Your grandmother is talking about some of health reform’s improvements to Medicare. The new law added free preventive services to Medicare, and it is gradually closing the drug coverage gap, or “doughnut hole.” About 4 million seniors fall into the doughnut hole each year. Before health reform, that meant that, for a period of time, they had to pay all their drug costs. With health reform, the coverage gap is gradually being eliminated, and people who fall into the gap will get increasingly larger discounts on their prescriptions.
What to tell your grandmother: If you want to keep these benefits, make sure that come next November, you don’t vote for anyone who wants to repeal health reform or who plans to stand in the way of full implementation.
And when you’re reflecting on things you’re thankful for, maybe give a shout out to health reform.
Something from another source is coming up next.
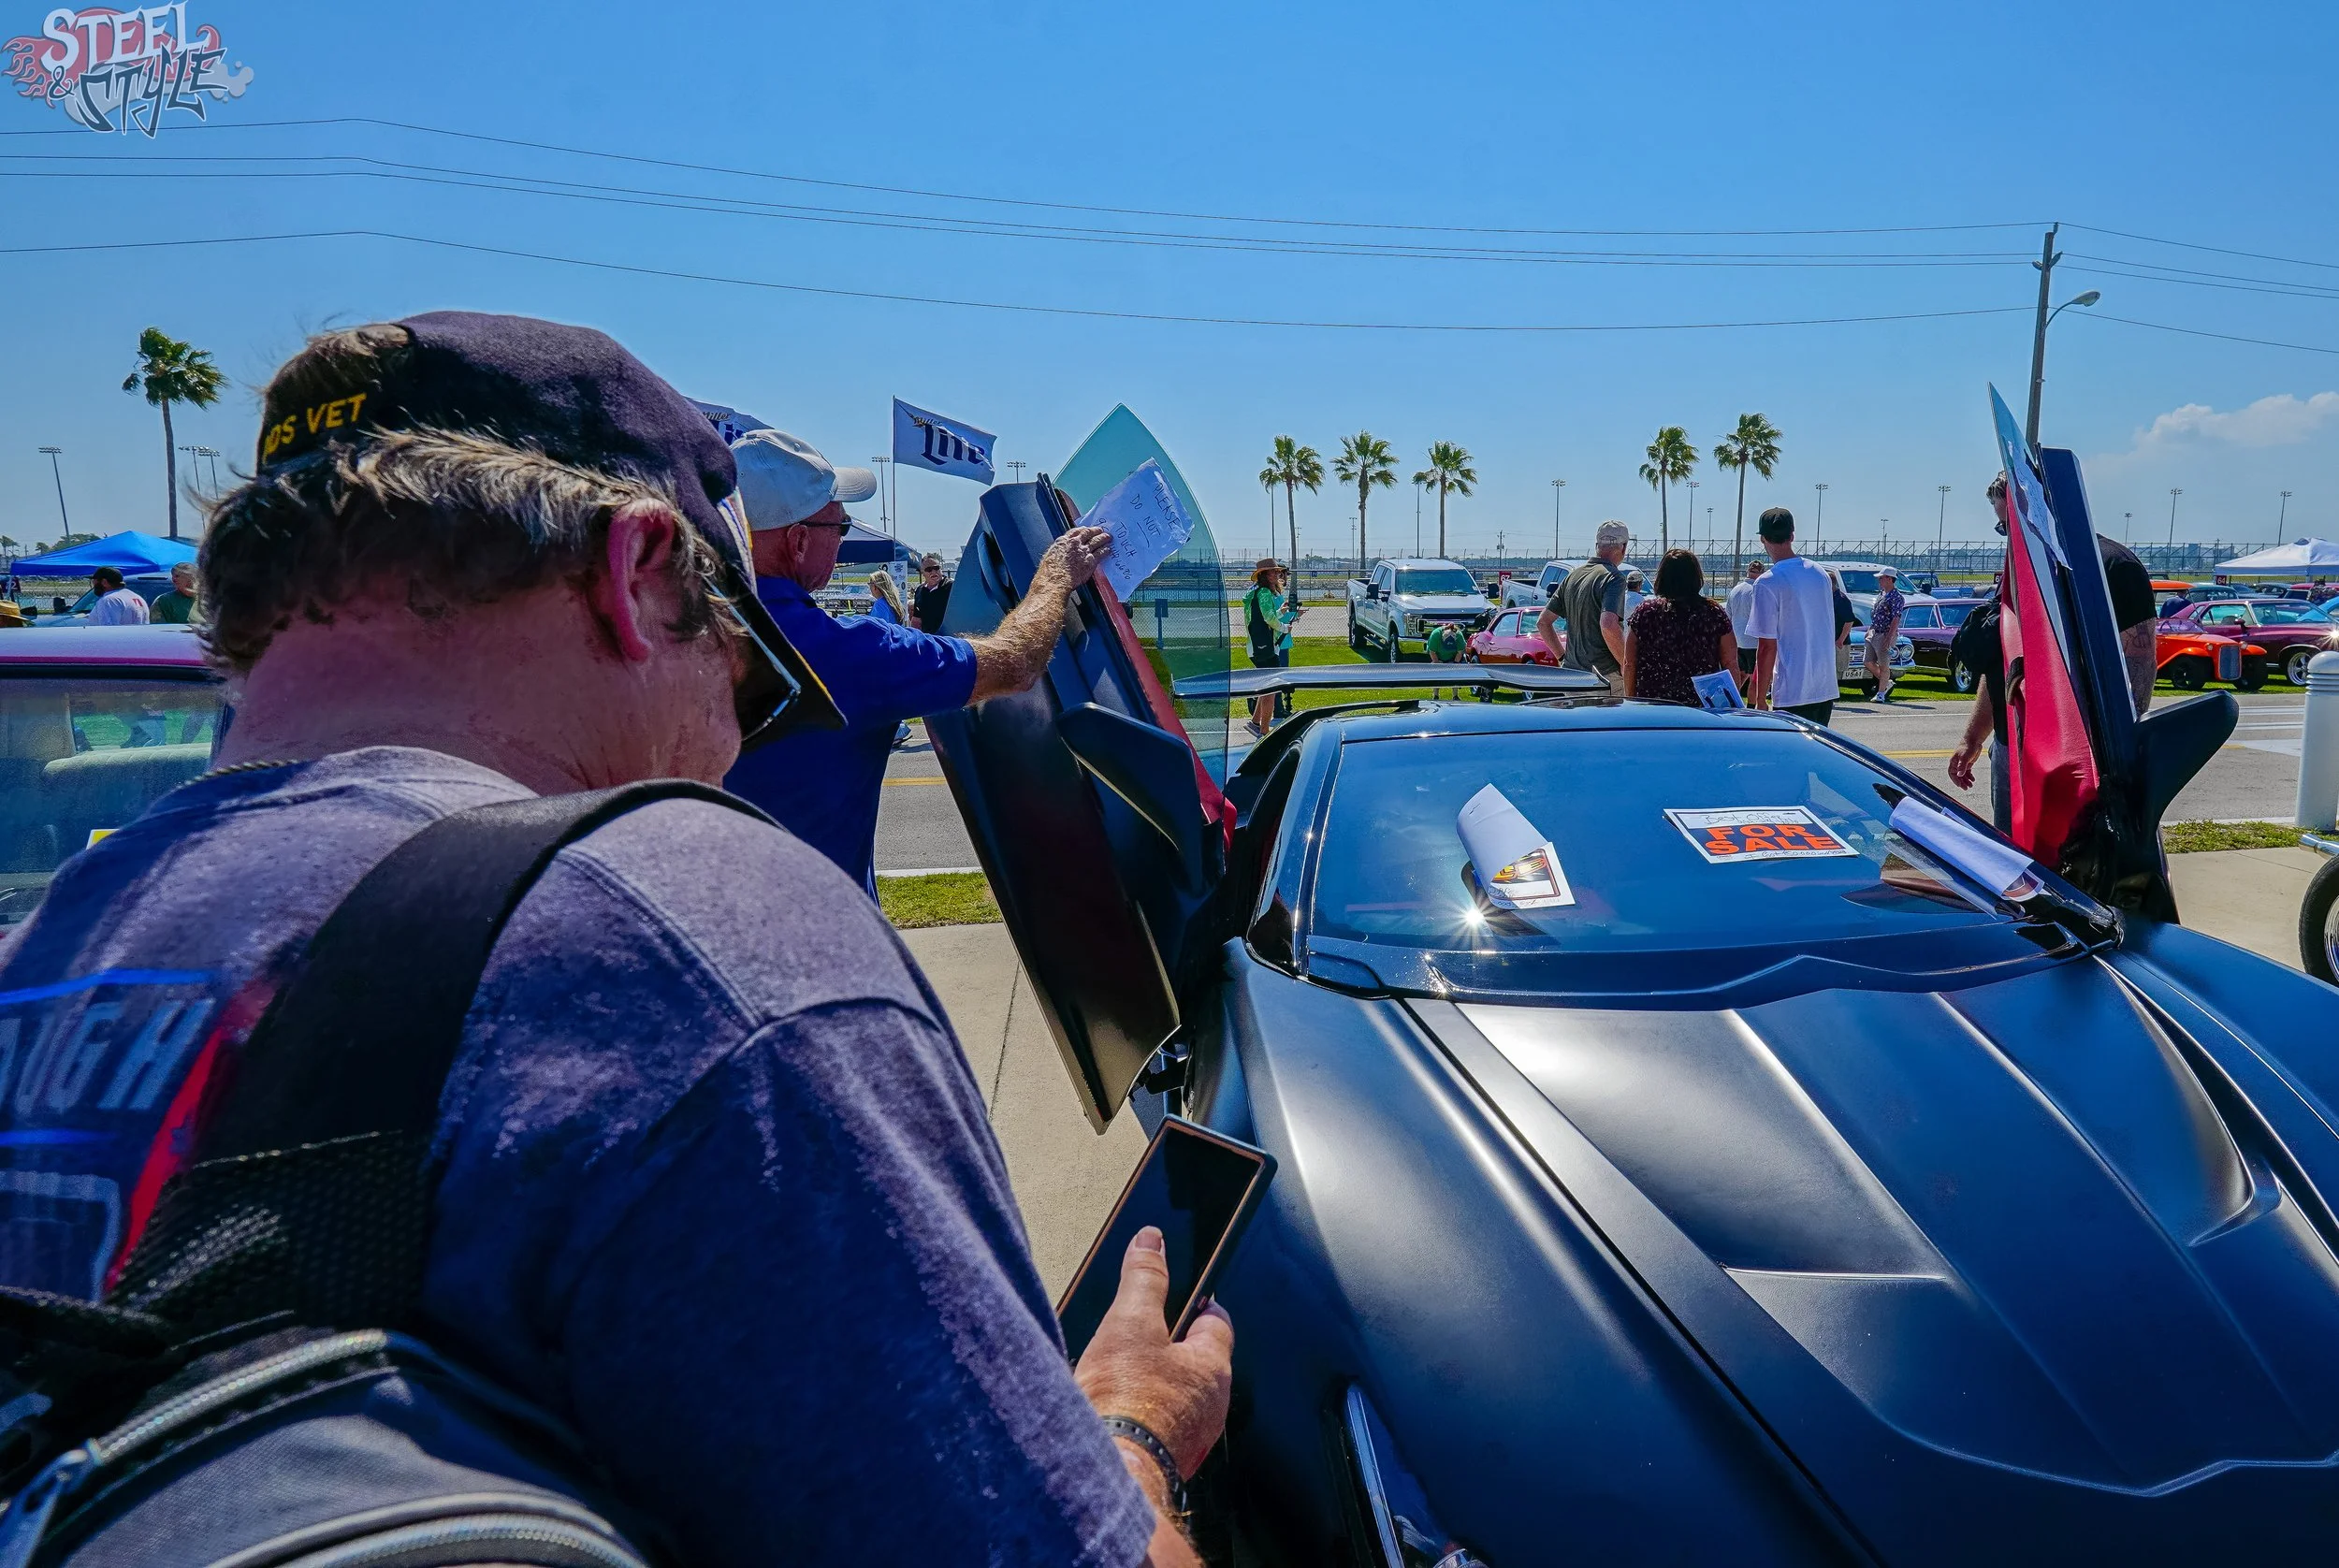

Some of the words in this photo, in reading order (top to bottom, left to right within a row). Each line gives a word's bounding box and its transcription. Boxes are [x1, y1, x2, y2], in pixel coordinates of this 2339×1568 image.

If you need some help remembering all the reasons to give thanks, the folks at ThanksObamacare.org have a list of the top ten. Here are some of the best:
- People under 26 can stay on their parents’ insurance
- No more discrimination based on gender
- No more denial of coverage based on pre-existing conditions
- No more annual or lifetime dollar limits on needed care
Those are just a few. Check out ThanksObamaCare.org for the full list.
What will happen to Peace and Liberty?
Technically it’s not a health care issue (well… maybe it is for the bird), but in one of America’s goofier traditions, each year the President of the United States formally pardons one lucky Thanksgiving turkey (this year it’ll be two: Peace and Liberty). Orion Magazine’s Michael Branch looks into where this tradition came from and what happens to the pardoned turkey.
BREAKING NEWS UPDATE: This year, instead of heading to Disneyland, the two pardoned birds will be given their freedom at George Washington’s Mount Vernon Estate.
Does turkey make you drowsy?
Nope. The Incidental Economist’s Aaron Carrol, author of a book on medical myths titled Don’t Swallow Your Gum, explains:
The truth is, turkey is not to blame for your sleepiness. Chicken and ground beef contain almost the same amount of tryptophan as turkey — about 350 milligrams per 4 ounce serving. While you might have heard someone claim that turkey made them drowsy, you have probably never heard someone say that chicken, ground beef, or any other meat made them sleepy. Swiss cheese and pork actually contain more tryptophan per gram than turkey, and yet the American classic, a ham and cheese sandwich, somehow escapes blame.